In the U.S., pending home sales are at record lows last seen during the COVID pandemic over the past 20 years, according to the National Association of Realtors. Economists have taken it as a sign that fewer people are looking to buy properties in the U.S..
Meanwhile, in Europe, similar issues are sweeping the continent. According to the European Parliament, from 2015 to 2023, house prices jumped 48% on average, while rent prices rose 18% from 2010 to 2023.
As a result, economists have noted that youth have become nihilistic about their chances of buying property through traditional routes, like investing in stable assets like the S&P 500. Instead, many have turned to highly risky investment opportunities in the hopes they can gamble their way to the top. Meme coins are just one example of this financial nihilism at play.
So there’s some irony in the fact that Housecoin—a meme coin based on cynicism for the housing market—was flipped by another meme coin that is just as speculative.
Meme coins, at their core, do not have any intrinsic value. Instead, the tokens pump and dump based on the perceived cultural relevance of what they represent. This could be a news event, like a celebrity dying, or a predicted event, like a man beating the record for traveling to all 50 U.S. States… or the housing market collapsing.
Chillhouse was born as an abursidist meme, poking fun at the ridiculousness of two of the largest meme coins. Now, however, its community has made flipping Chillguy its goal.

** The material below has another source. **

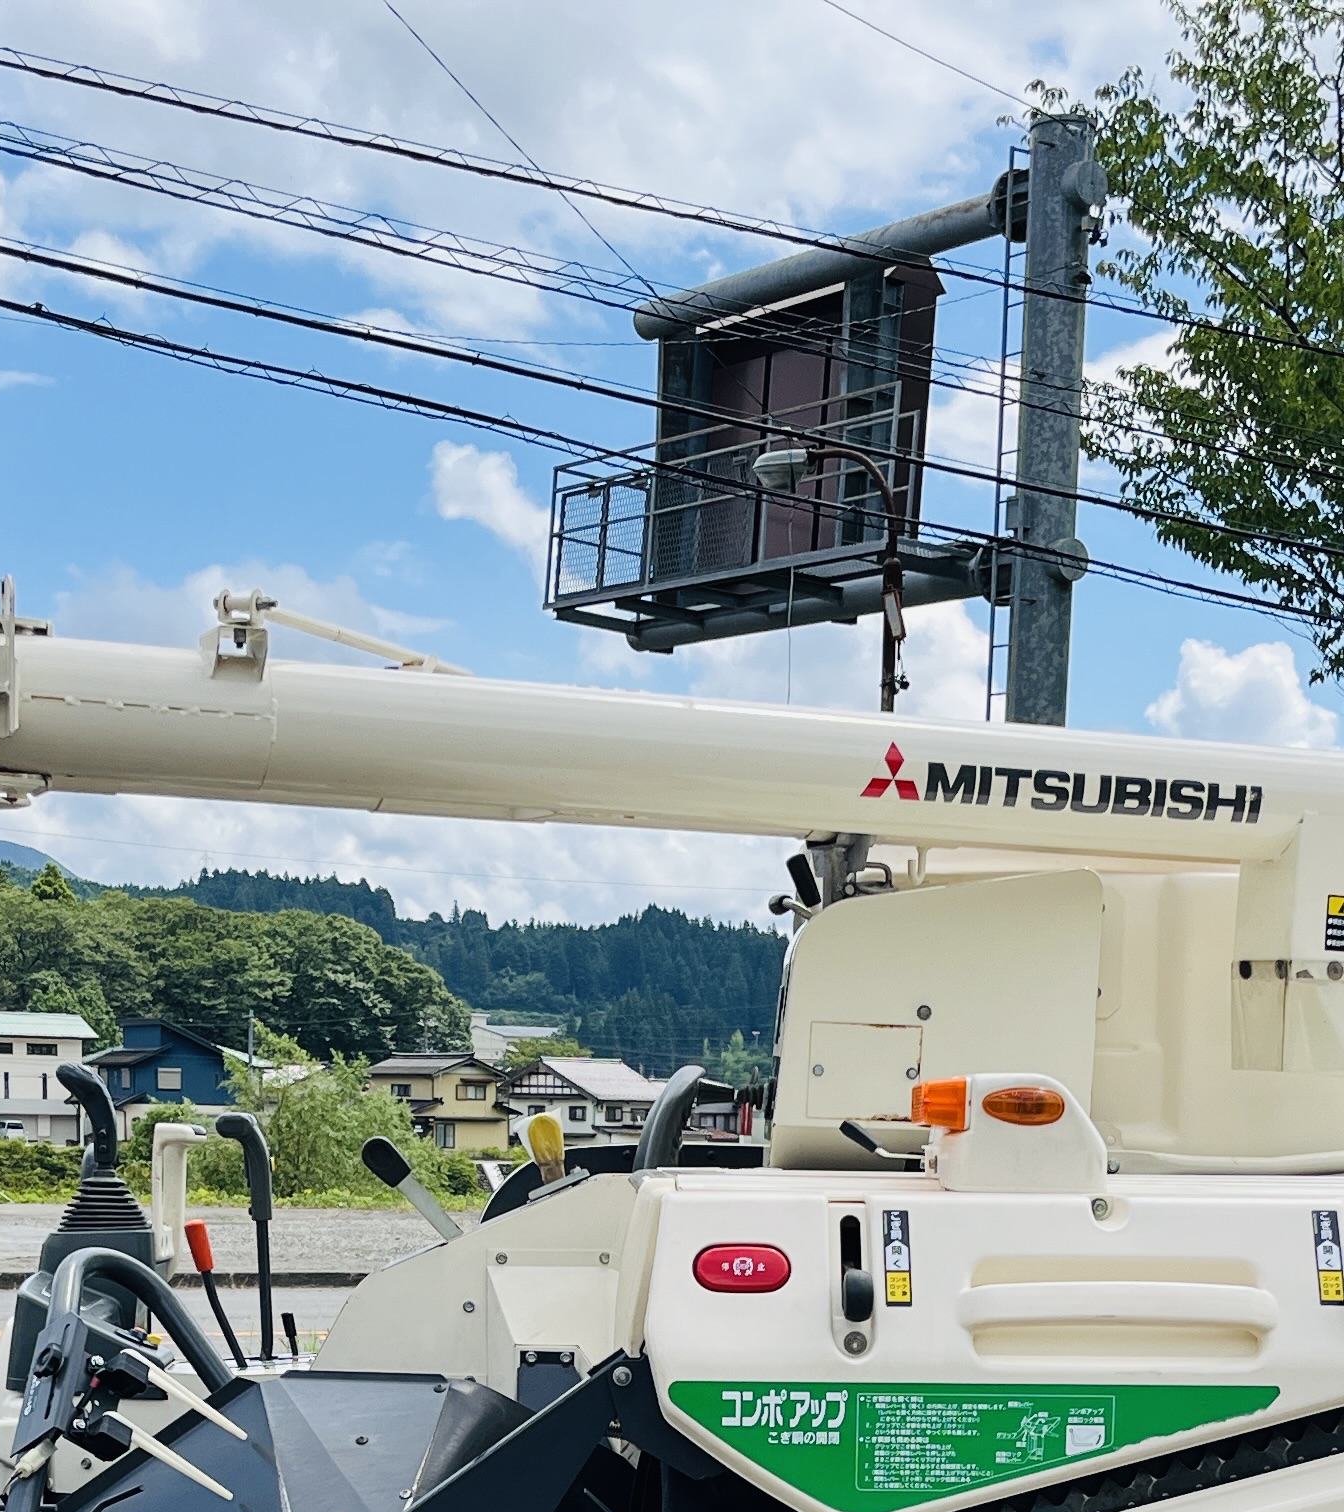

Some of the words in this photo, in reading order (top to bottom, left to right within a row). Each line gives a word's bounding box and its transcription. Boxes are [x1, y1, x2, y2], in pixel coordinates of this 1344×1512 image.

Chillguy surged to a $775 million market cap in November 2024, as the cartoon of a pretty chill dude went viral on TikTok. Artist Phillip Banks didn’t endorse the meme coin, instead threatening legal action. The token eventually plummeted 94% to $44 million, where it remains today.
For Chillhouse to surpass Chillguy’s current market cap, the meme coin would need to climb 156% from its present valuation. That’s a tough ask, but one that the community has already started trying to tackle. In the latest evolution of the Chillhouse meme, the community is suggesting that the Chillguy cartoon character was responsible for the 9/11 terrorist attack.
Edited by Stacy Elliott.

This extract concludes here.